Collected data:
= = =
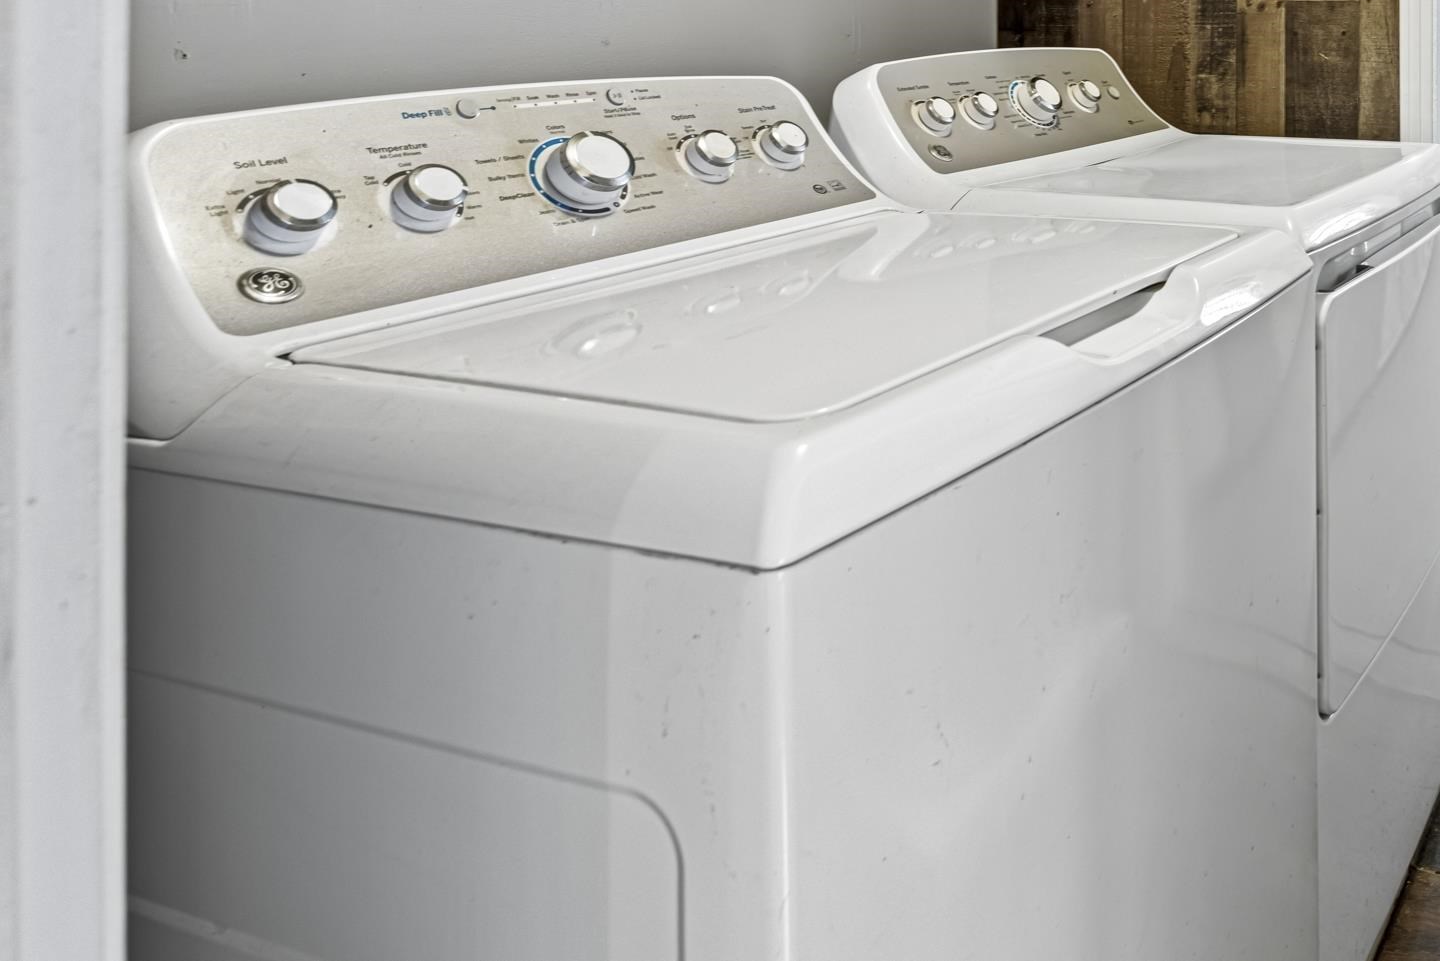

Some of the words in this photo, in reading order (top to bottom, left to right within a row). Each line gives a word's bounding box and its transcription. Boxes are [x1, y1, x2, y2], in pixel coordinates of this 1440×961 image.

[401, 111, 427, 120] Deep
[428, 109, 443, 117] Fill
[366, 142, 428, 154] Temperature
[233, 160, 256, 169] Soil
[258, 156, 288, 166] Level
= = =
Exercise requirements: Leave out the pictures and retype the rest of the entries exactly.

Solution to the exercise:
Some of the words in this photo, in reading order (top to bottom, left to right within a row). Each line gives a word's bounding box and its transcription. Boxes are [x1, y1, x2, y2], in pixel coordinates of this 1440×961 image.

[401, 111, 427, 120] Deep
[428, 109, 443, 117] Fill
[366, 142, 428, 154] Temperature
[233, 160, 256, 169] Soil
[258, 156, 288, 166] Level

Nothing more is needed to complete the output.